Records provided.
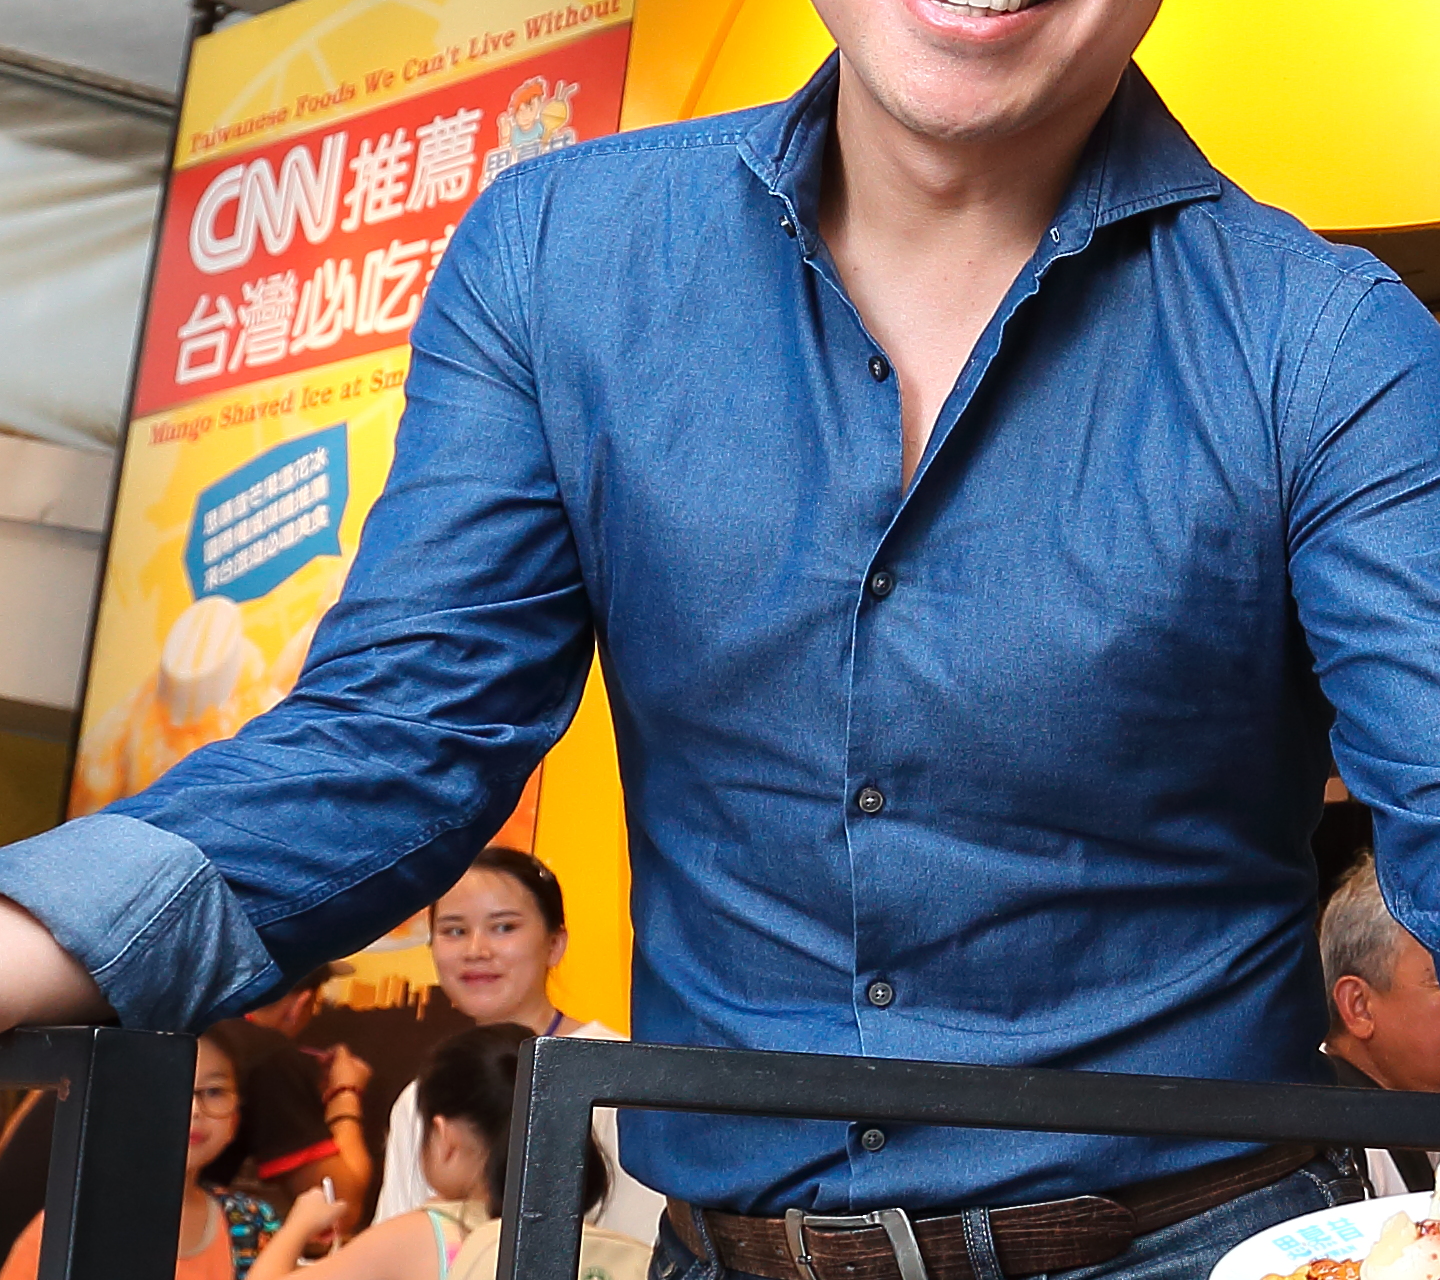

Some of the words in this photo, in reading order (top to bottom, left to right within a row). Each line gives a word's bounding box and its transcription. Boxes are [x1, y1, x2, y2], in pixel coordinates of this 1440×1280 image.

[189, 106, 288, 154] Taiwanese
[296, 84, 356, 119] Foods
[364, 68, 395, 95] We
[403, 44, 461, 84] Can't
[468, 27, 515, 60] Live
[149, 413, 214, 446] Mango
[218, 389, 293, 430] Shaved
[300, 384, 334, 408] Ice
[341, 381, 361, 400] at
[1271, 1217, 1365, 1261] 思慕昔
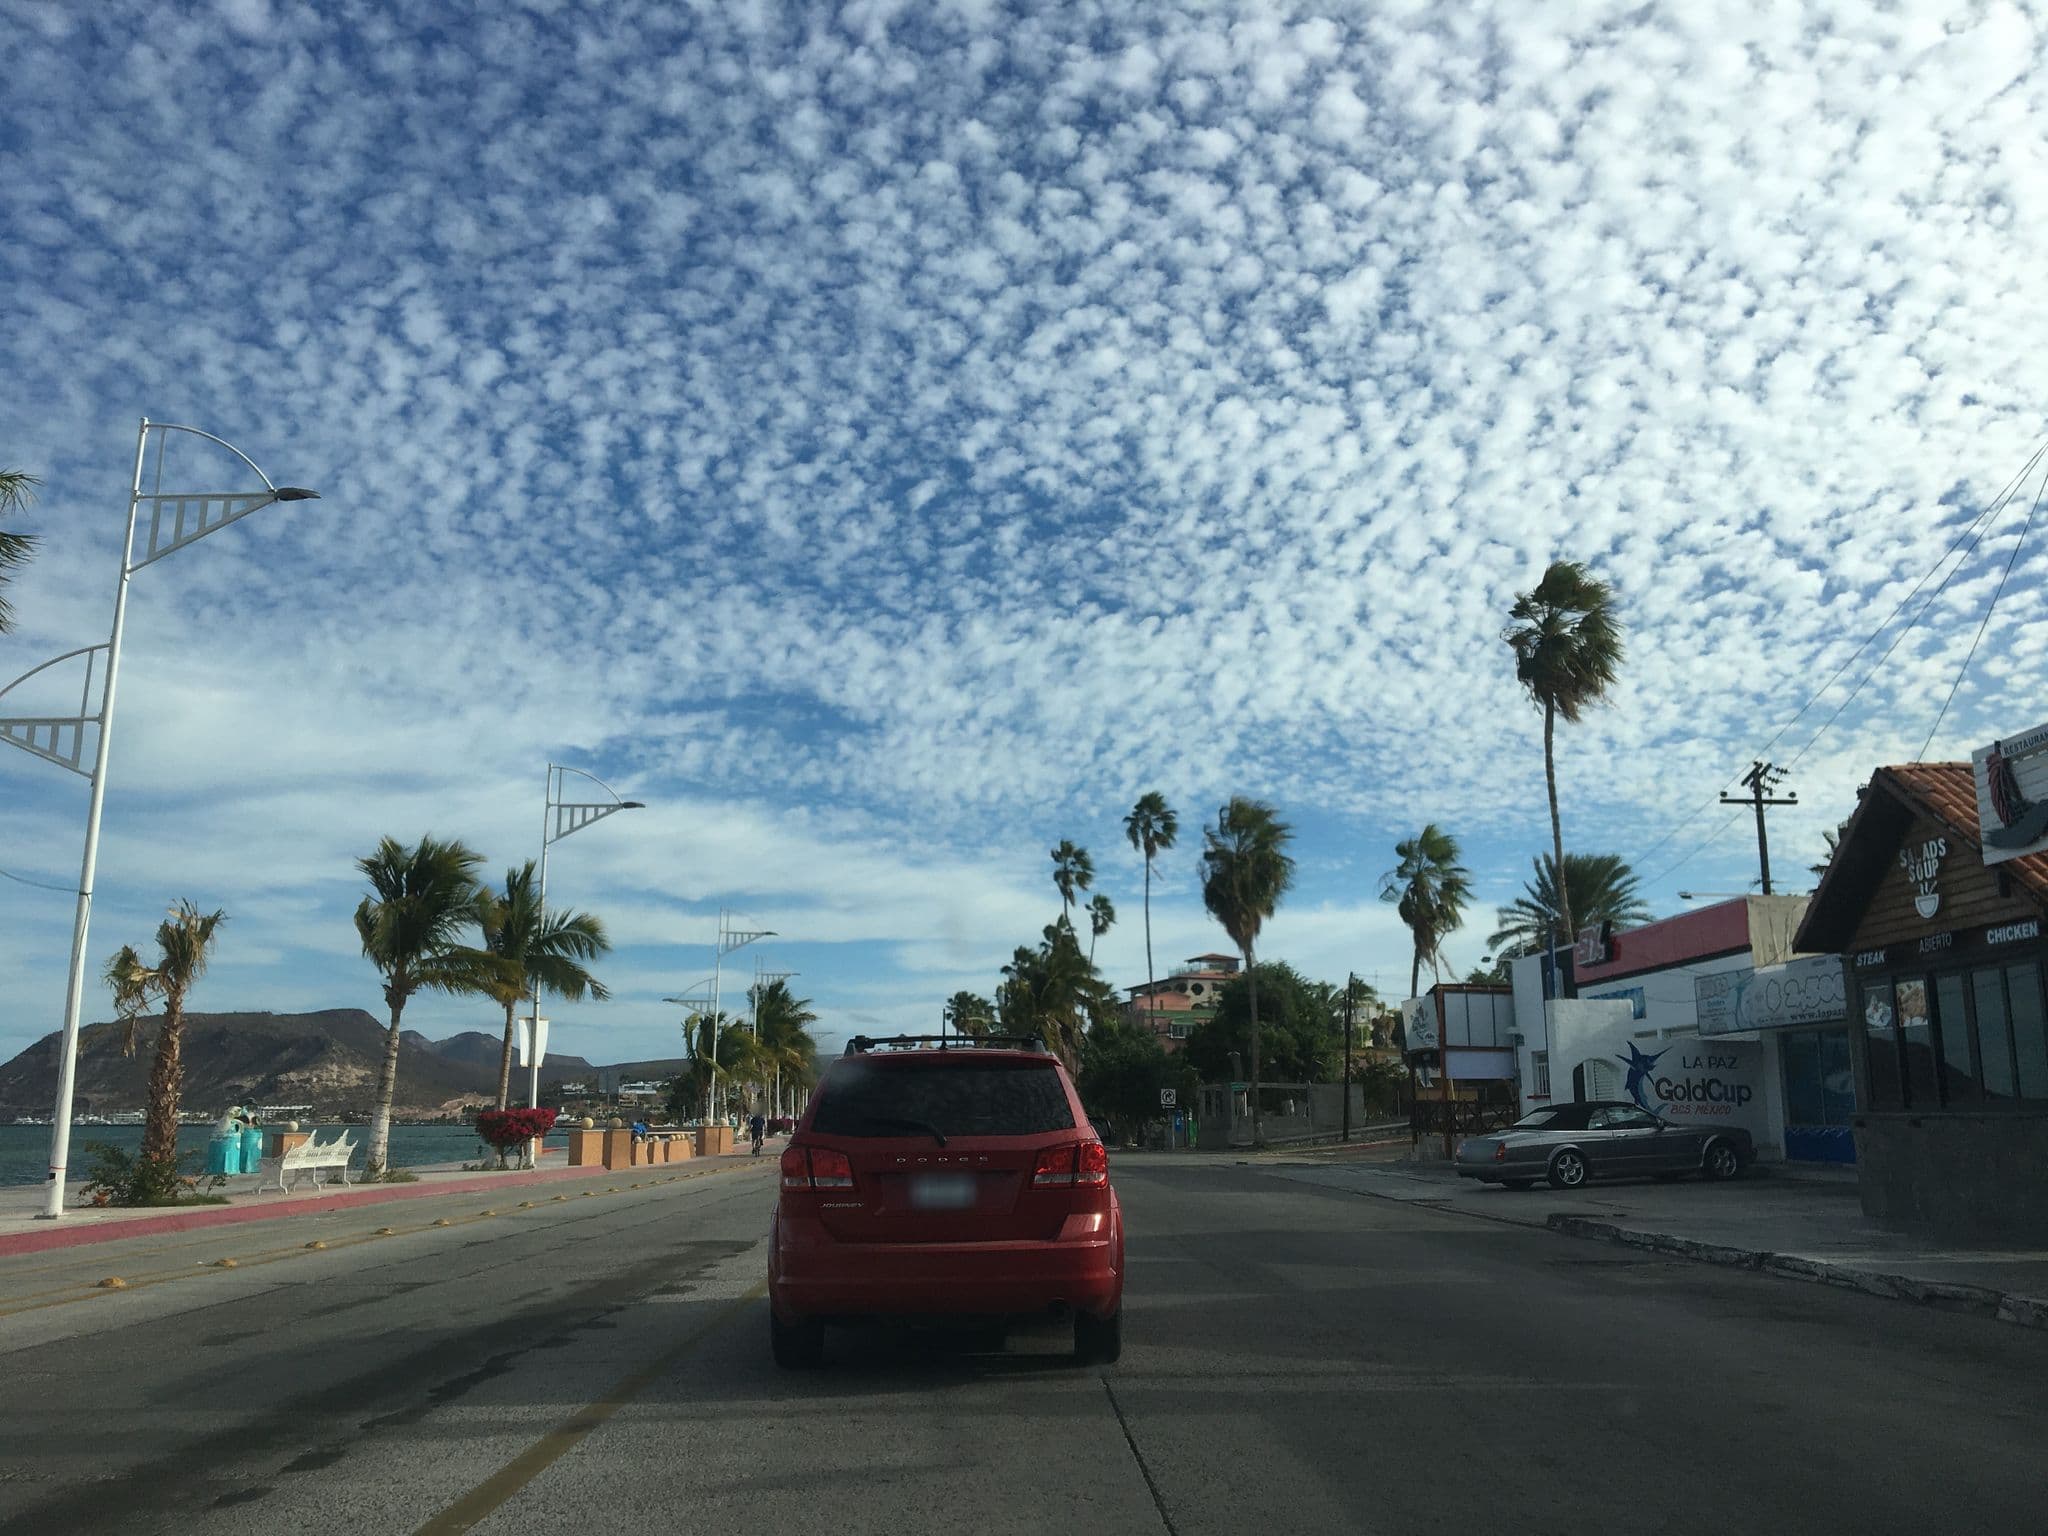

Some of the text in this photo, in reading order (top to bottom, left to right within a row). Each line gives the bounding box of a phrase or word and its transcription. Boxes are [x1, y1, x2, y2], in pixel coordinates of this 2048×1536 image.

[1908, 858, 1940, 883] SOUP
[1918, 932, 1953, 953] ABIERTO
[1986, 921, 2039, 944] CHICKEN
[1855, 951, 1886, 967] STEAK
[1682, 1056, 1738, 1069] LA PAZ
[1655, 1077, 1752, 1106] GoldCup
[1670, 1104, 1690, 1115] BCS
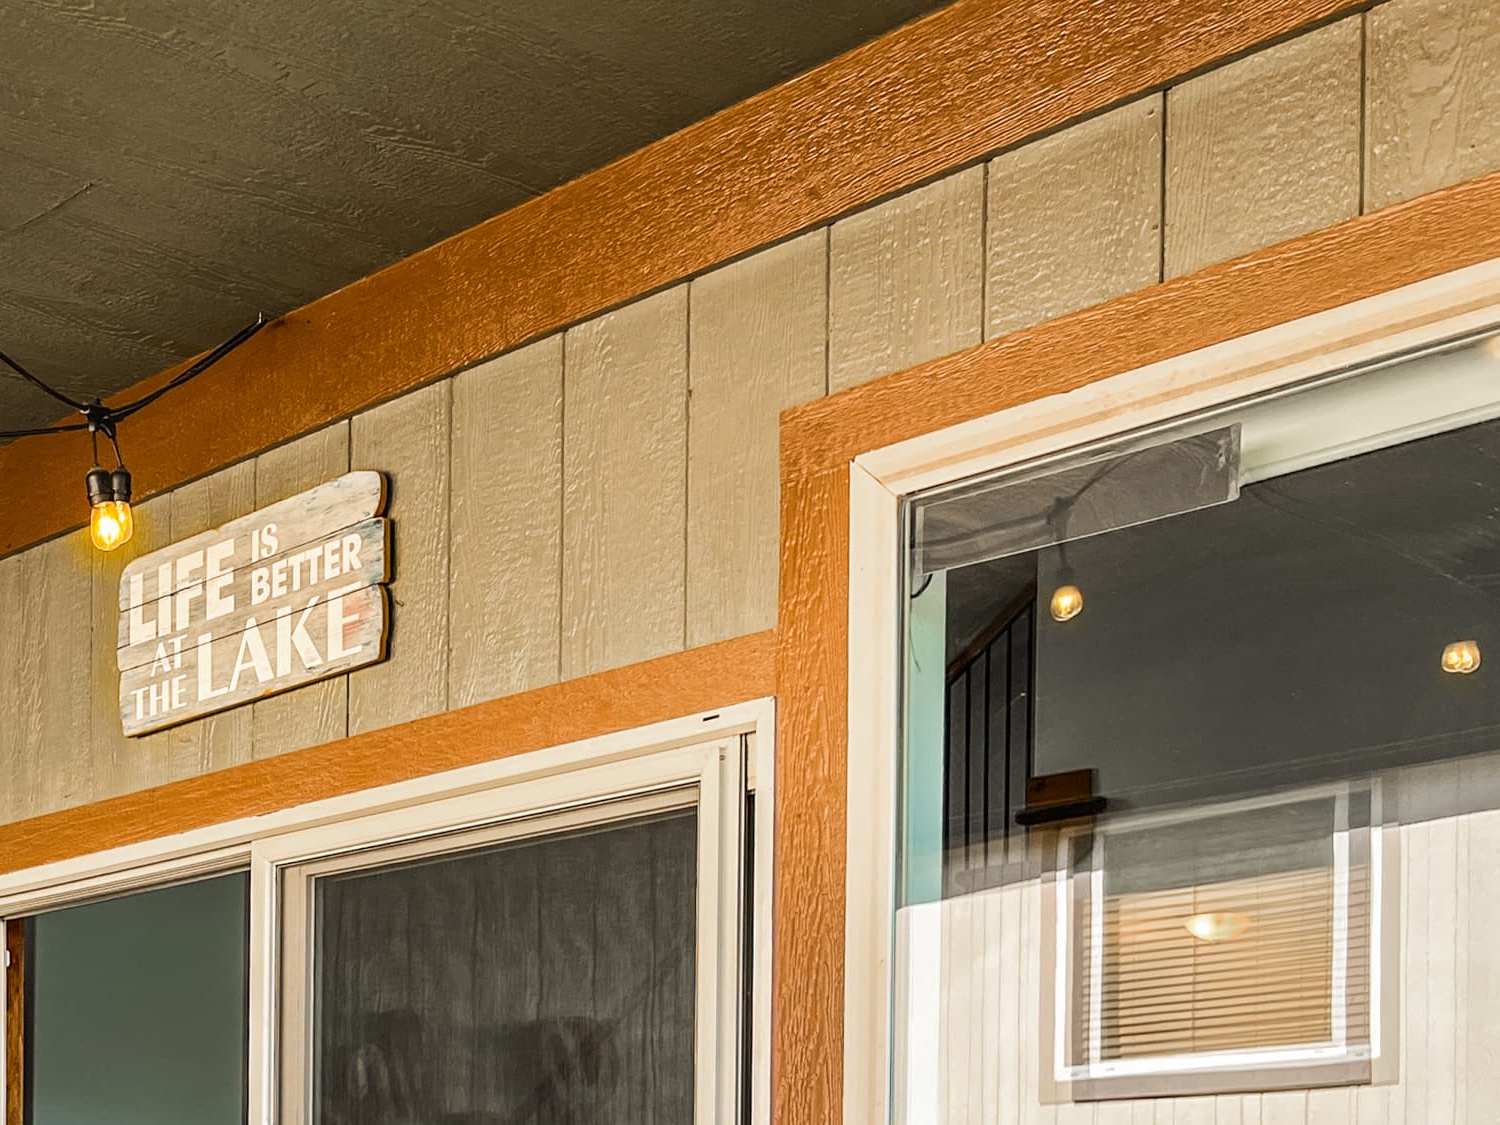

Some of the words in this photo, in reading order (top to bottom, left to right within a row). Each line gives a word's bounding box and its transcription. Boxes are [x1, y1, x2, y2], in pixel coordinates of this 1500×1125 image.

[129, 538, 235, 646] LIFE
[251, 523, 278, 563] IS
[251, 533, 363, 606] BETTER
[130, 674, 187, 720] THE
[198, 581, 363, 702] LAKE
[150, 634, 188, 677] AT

Brief. The records above are to be transcribed word for word. Skip the images.

Completed task.
Some of the words in this photo, in reading order (top to bottom, left to right within a row). Each line gives a word's bounding box and its transcription. Boxes are [x1, y1, x2, y2], in pixel coordinates of this 1440×1280 image.

[189, 106, 288, 154] Taiwanese
[296, 84, 356, 119] Foods
[364, 68, 395, 95] We
[403, 44, 461, 84] Can't
[468, 27, 515, 60] Live
[149, 413, 214, 446] Mango
[218, 389, 293, 430] Shaved
[300, 384, 334, 408] Ice
[341, 381, 361, 400] at
[1271, 1217, 1365, 1261] 思慕昔

Some of the text in this photo, in reading order (top to bottom, left to right within a row). Each line gives the bounding box of a phrase or word and its transcription. Boxes are [x1, y1, x2, y2], in pixel coordinates of this 2048×1536 image.

[1908, 858, 1940, 883] SOUP
[1918, 932, 1953, 953] ABIERTO
[1986, 921, 2039, 944] CHICKEN
[1855, 951, 1886, 967] STEAK
[1682, 1056, 1738, 1069] LA PAZ
[1655, 1077, 1752, 1106] GoldCup
[1670, 1104, 1690, 1115] BCS

Some of the words in this photo, in reading order (top to bottom, left to right within a row). Each line gives a word's bounding box and its transcription. Boxes are [x1, y1, x2, y2], in pixel coordinates of this 1500×1125 image.

[129, 538, 235, 646] LIFE
[251, 523, 278, 563] IS
[251, 533, 363, 606] BETTER
[130, 674, 187, 720] THE
[198, 581, 363, 702] LAKE
[150, 634, 188, 677] AT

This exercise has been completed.